● **ASSIGNED TASK**:
Leave the pictures out. Return all other data exactly.

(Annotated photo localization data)
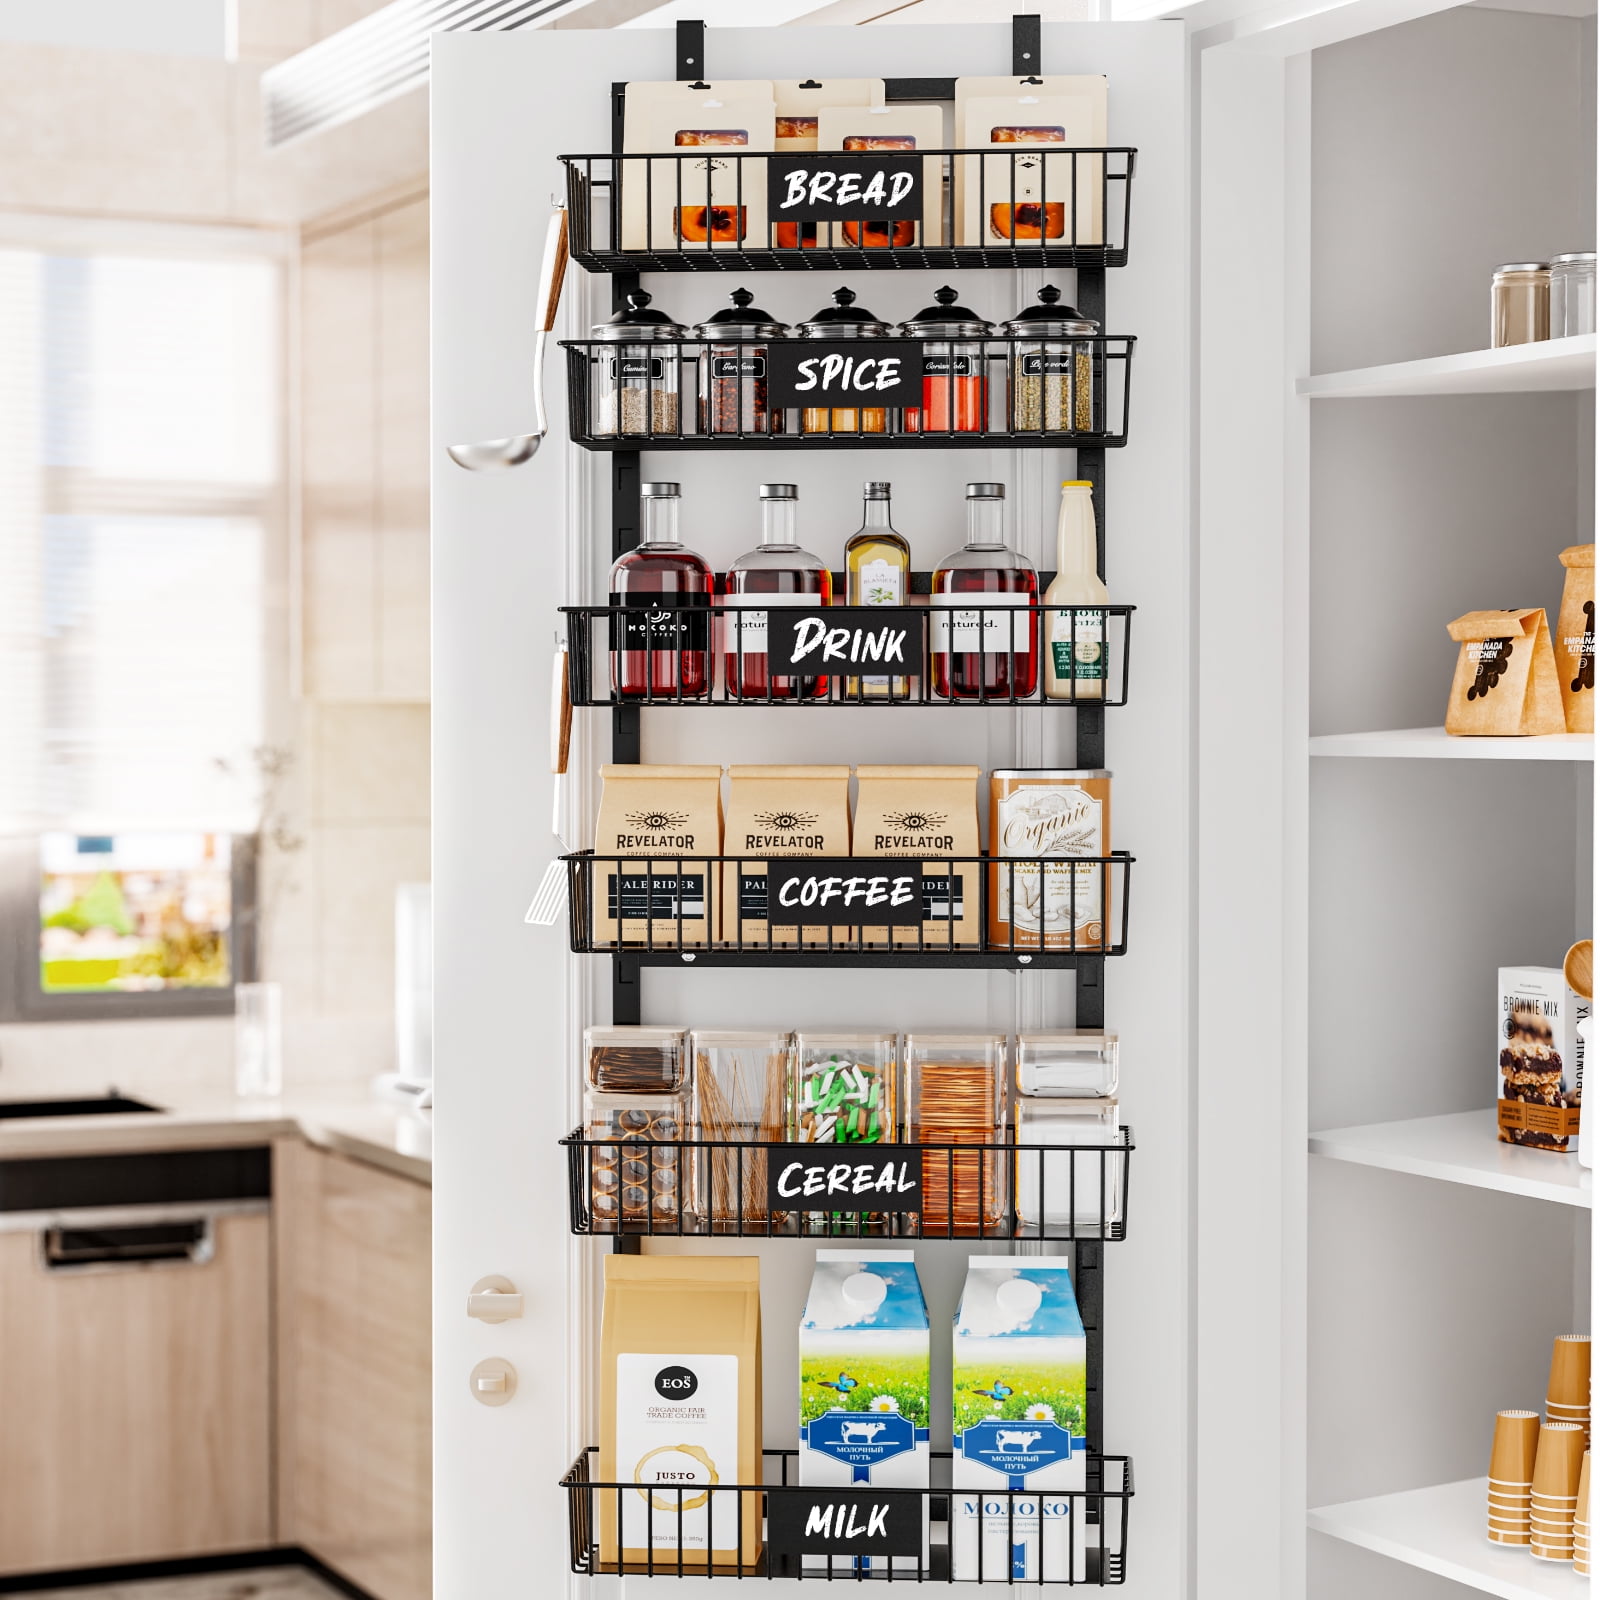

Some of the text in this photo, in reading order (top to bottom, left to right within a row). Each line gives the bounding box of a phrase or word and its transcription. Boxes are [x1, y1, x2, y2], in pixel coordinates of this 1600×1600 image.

[780, 170, 914, 209] BREAD
[795, 354, 901, 391] SPICE
[1003, 802, 1089, 851] Organic
[617, 834, 695, 850] REVELATOR
[746, 834, 824, 850] REVELATOR
[875, 834, 953, 850] REVELATOR
[779, 876, 914, 907] COFFEE
[1503, 995, 1559, 1017] BROWNIE MIX
[777, 1161, 917, 1198] CEREAL
[662, 1378, 691, 1389] EOS
[836, 1445, 884, 1454] МОЛОЧНЫЙ
[656, 1472, 696, 1481] JUSTO
[964, 1502, 1069, 1516] МОЛОКО
[805, 1504, 889, 1538] MILK
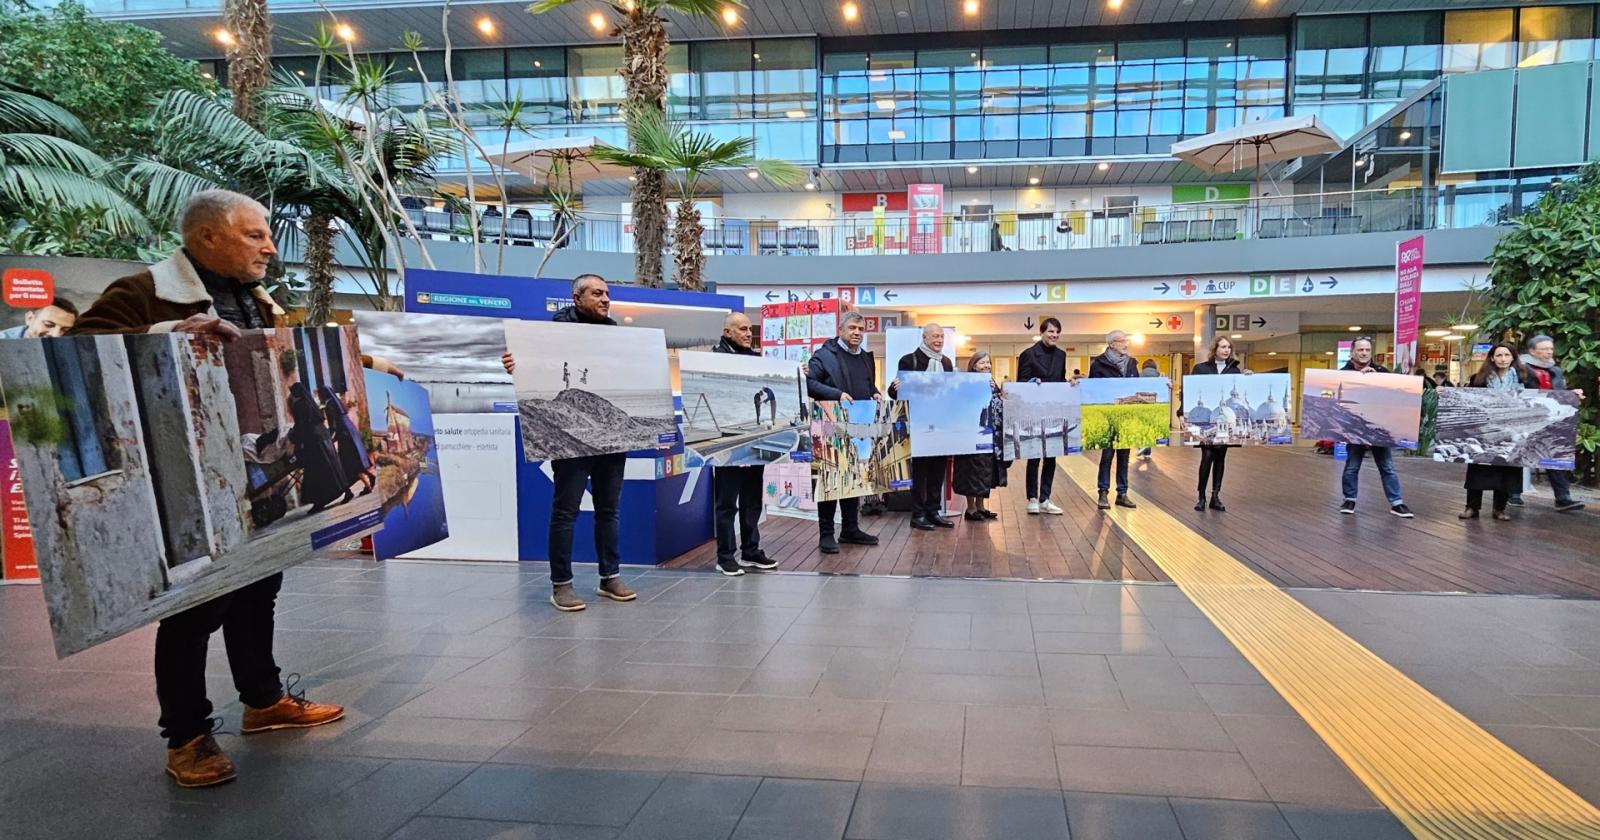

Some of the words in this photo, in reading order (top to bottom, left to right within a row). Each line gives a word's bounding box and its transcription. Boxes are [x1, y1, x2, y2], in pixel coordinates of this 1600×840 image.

● **COMPLETED TASK**:
Some of the text in this photo, in reading order (top to bottom, left to right within a row). Each line gives the bounding box of a phrase or word and its transcription. Boxes are [x1, y1, x2, y2], in pixel coordinates of this 1600×1600 image.

[780, 170, 914, 209] BREAD
[795, 354, 901, 391] SPICE
[1003, 802, 1089, 851] Organic
[617, 834, 695, 850] REVELATOR
[746, 834, 824, 850] REVELATOR
[875, 834, 953, 850] REVELATOR
[779, 876, 914, 907] COFFEE
[1503, 995, 1559, 1017] BROWNIE MIX
[777, 1161, 917, 1198] CEREAL
[662, 1378, 691, 1389] EOS
[836, 1445, 884, 1454] МОЛОЧНЫЙ
[656, 1472, 696, 1481] JUSTO
[964, 1502, 1069, 1516] МОЛОКО
[805, 1504, 889, 1538] MILK

Some of the words in this photo, in reading order (top to bottom, left to right within a row). Each line gives a word's bounding box and its transcription. Boxes are [x1, y1, x2, y2], in pixel coordinates of this 1600×840 image.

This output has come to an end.